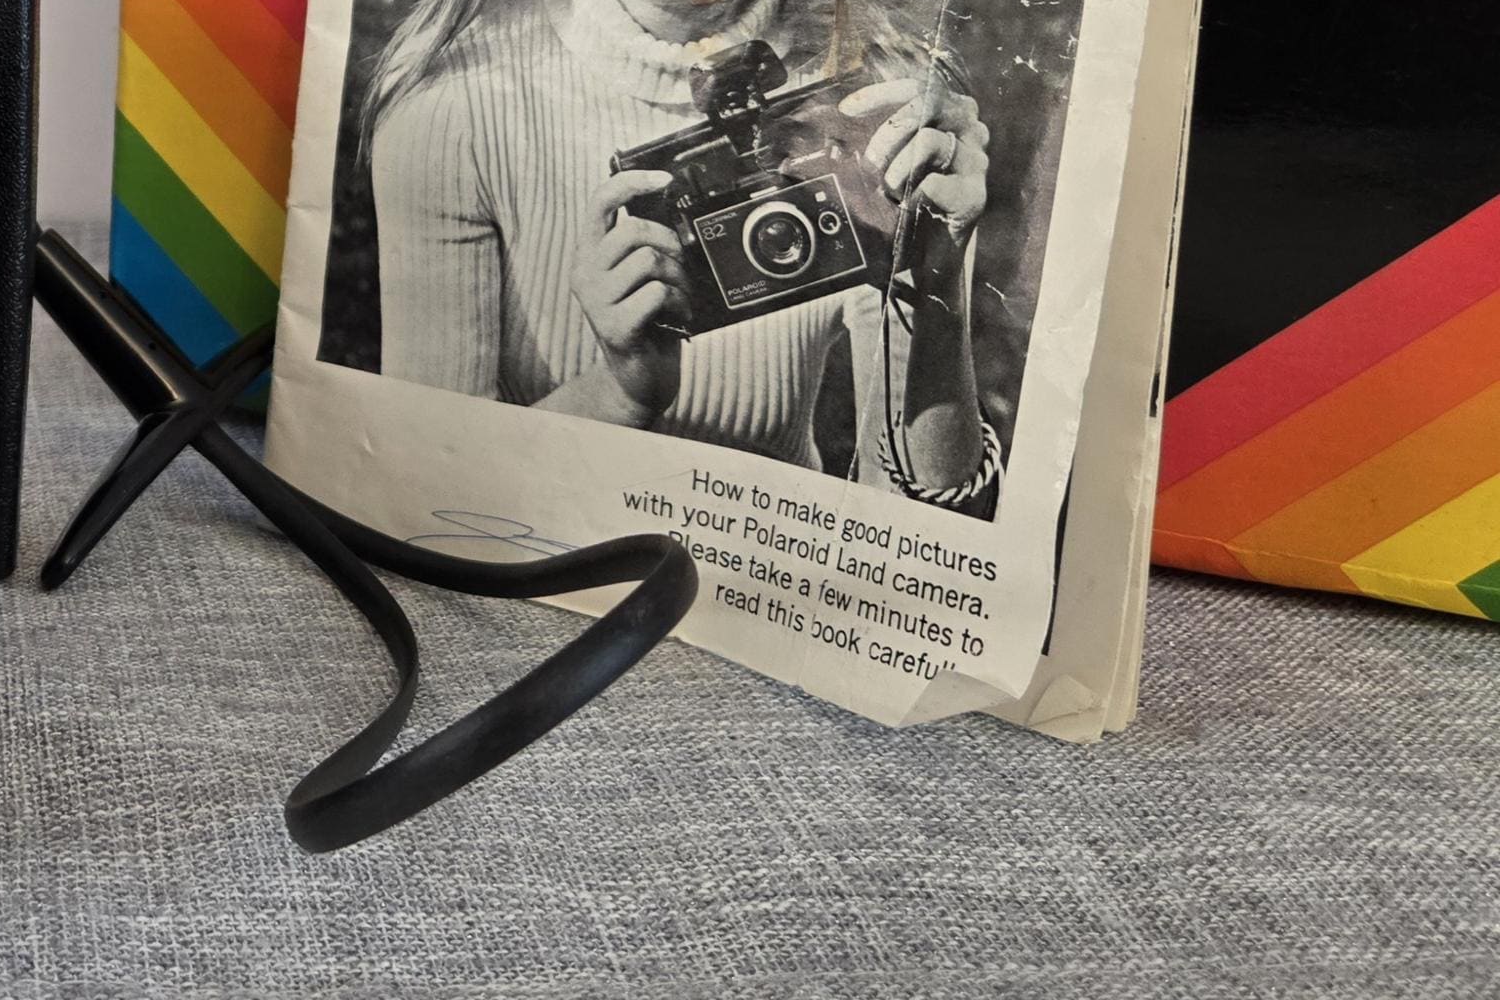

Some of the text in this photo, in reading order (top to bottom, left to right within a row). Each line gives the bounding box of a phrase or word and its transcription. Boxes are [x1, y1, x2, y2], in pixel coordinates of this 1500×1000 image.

[702, 223, 727, 240] 82
[623, 491, 989, 619] with your Polaroid Land camera.
[692, 469, 997, 581] How to make good pictures
[716, 584, 761, 615] read
[767, 599, 805, 632] this
[810, 613, 861, 654] book
[749, 555, 792, 590] take
[798, 578, 810, 596] a
[818, 579, 852, 611] few
[857, 599, 953, 647] minutes
[961, 628, 984, 657] to
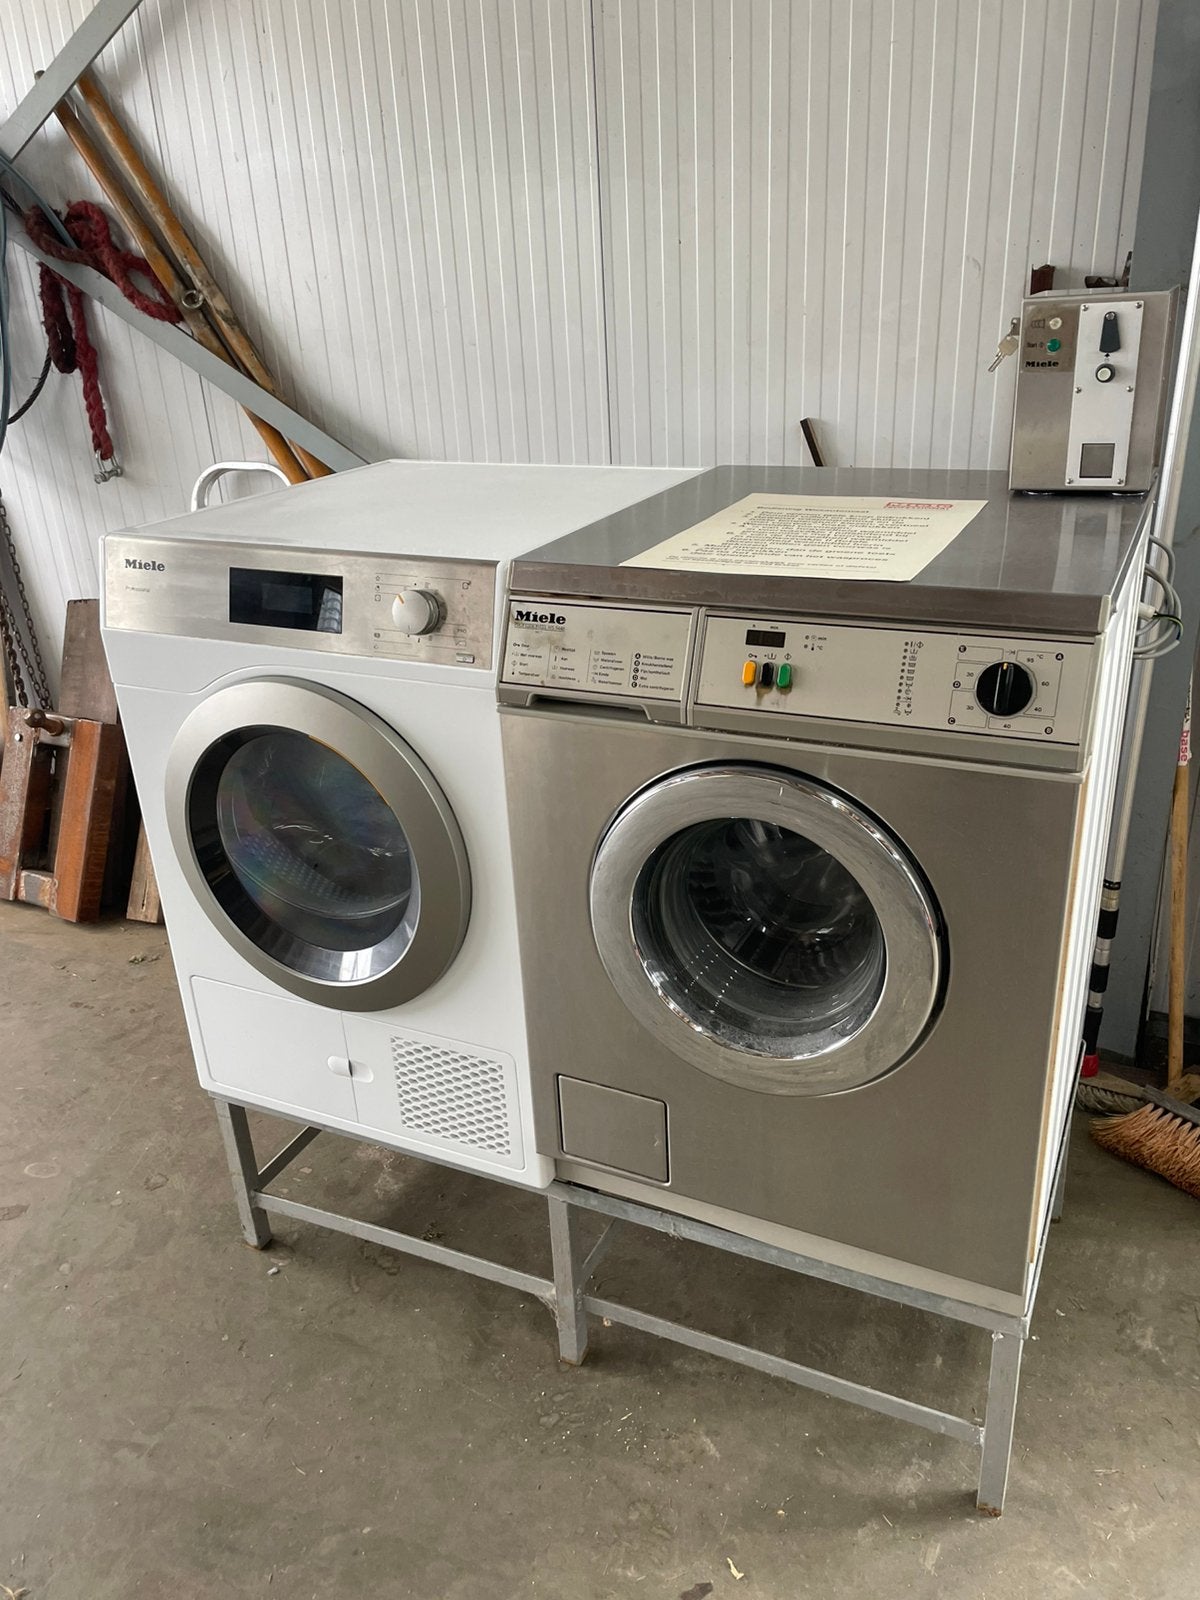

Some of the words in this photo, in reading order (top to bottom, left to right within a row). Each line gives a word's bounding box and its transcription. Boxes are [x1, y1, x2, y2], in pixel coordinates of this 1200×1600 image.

[124, 559, 165, 571] Miele
[515, 610, 566, 624] Miele
[948, 717, 956, 725] C
[1180, 730, 1189, 761] base
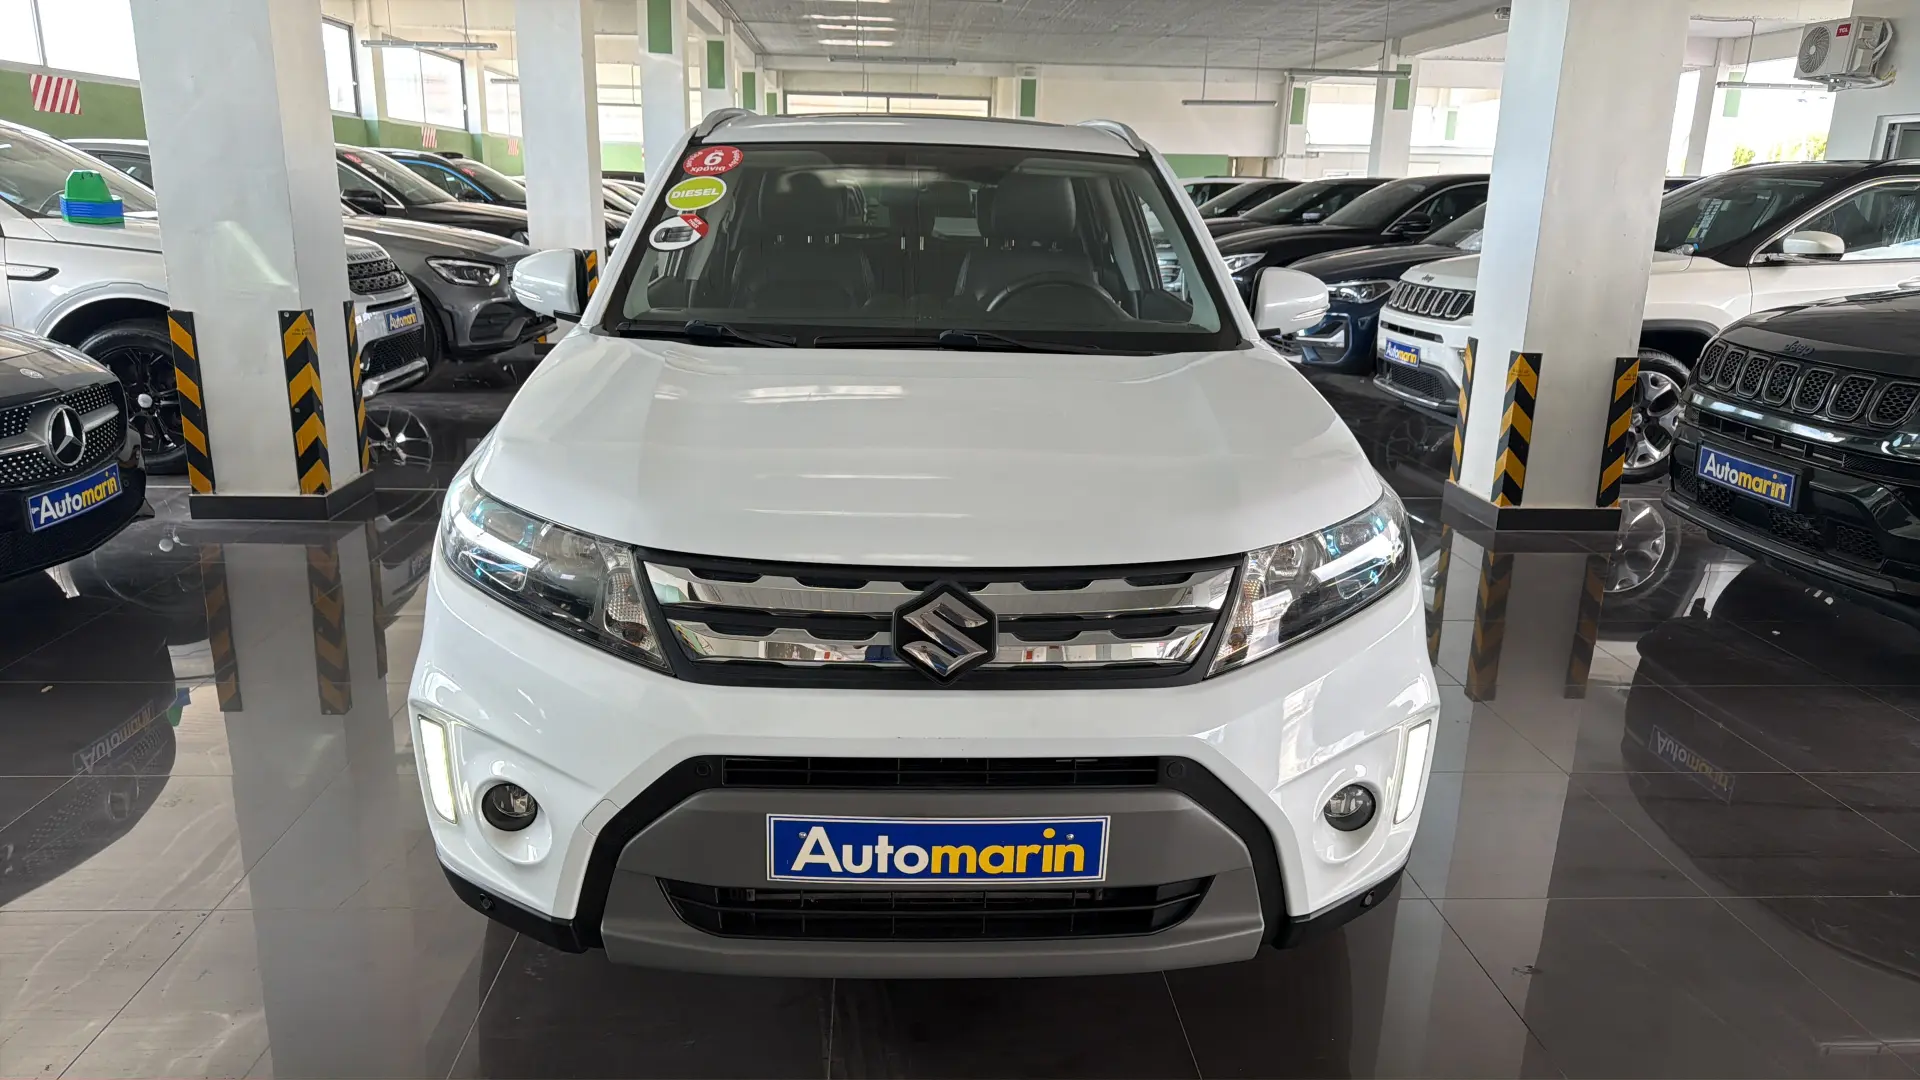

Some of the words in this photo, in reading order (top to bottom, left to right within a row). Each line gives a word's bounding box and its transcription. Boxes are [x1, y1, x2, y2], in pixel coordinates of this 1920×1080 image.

[704, 151, 724, 166] 6
[671, 188, 720, 199] DIESEL
[389, 307, 417, 330] Automarin
[1386, 341, 1417, 364] Automarin
[1784, 340, 1815, 356] Jeep
[1704, 453, 1787, 501] Automarin
[40, 471, 118, 525] Automarin
[791, 826, 1085, 875] Automarin
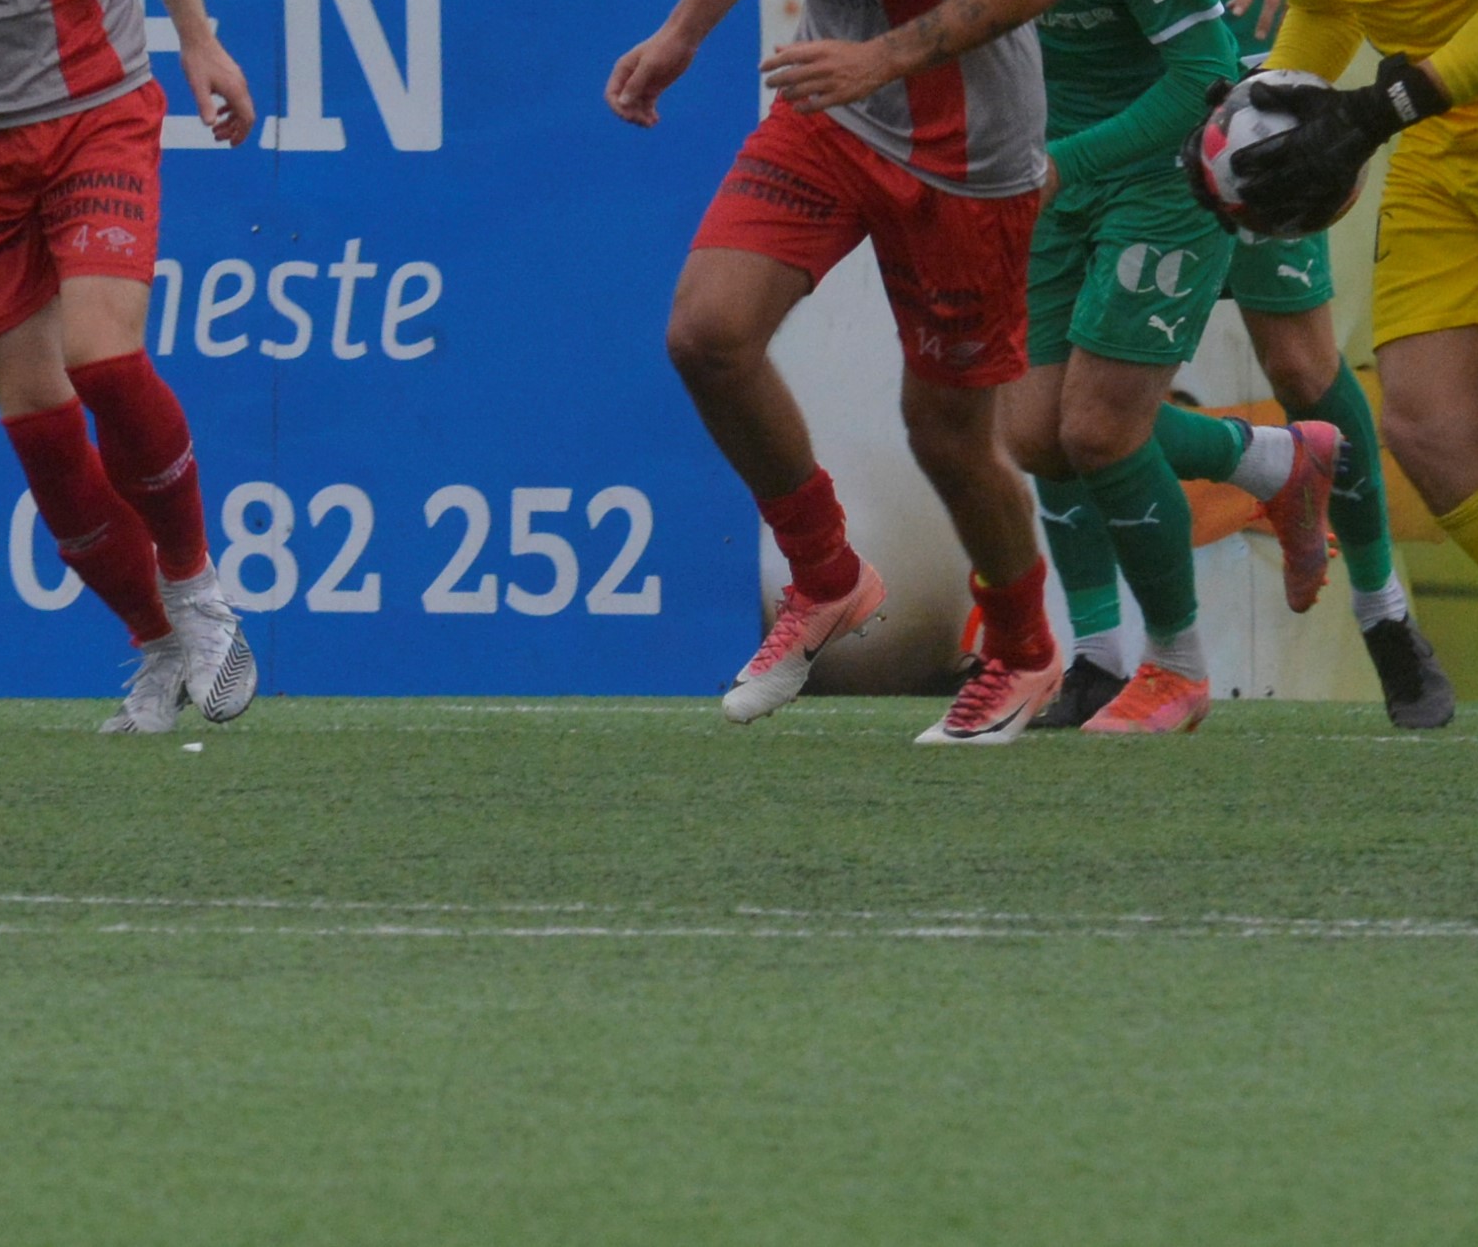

####

— Work instructions —
Repeat every record precisely. Any picture among them stays out of the copy.

— Solution to this problem —
Some of the text in this photo, in reading order (top to bottom, left to right within a row). Each line gives the bounding box of a phrase or word and its transcription. Boxes are [x1, y1, x2, y2], in pixel coordinates of this 1500×1000 image.

[702, 223, 727, 240] 82
[623, 491, 989, 619] with your Polaroid Land camera.
[692, 469, 997, 581] How to make good pictures
[716, 584, 761, 615] read
[767, 599, 805, 632] this
[810, 613, 861, 654] book
[749, 555, 792, 590] take
[798, 578, 810, 596] a
[818, 579, 852, 611] few
[857, 599, 953, 647] minutes
[961, 628, 984, 657] to

Some of the words in this photo, in reading order (top to bottom, left to right within a row). Each line gives a word's bounding box and its transcription. Boxes are [x1, y1, x2, y2], in pixel coordinates of this 1200×1600 image.

[124, 559, 165, 571] Miele
[515, 610, 566, 624] Miele
[948, 717, 956, 725] C
[1180, 730, 1189, 761] base

Some of the words in this photo, in reading order (top to bottom, left to right within a row). Each line gives a word's bounding box and its transcription. Boxes are [x1, y1, x2, y2], in pixel coordinates of this 1920×1080 image.

[704, 151, 724, 166] 6
[671, 188, 720, 199] DIESEL
[389, 307, 417, 330] Automarin
[1386, 341, 1417, 364] Automarin
[1784, 340, 1815, 356] Jeep
[1704, 453, 1787, 501] Automarin
[40, 471, 118, 525] Automarin
[791, 826, 1085, 875] Automarin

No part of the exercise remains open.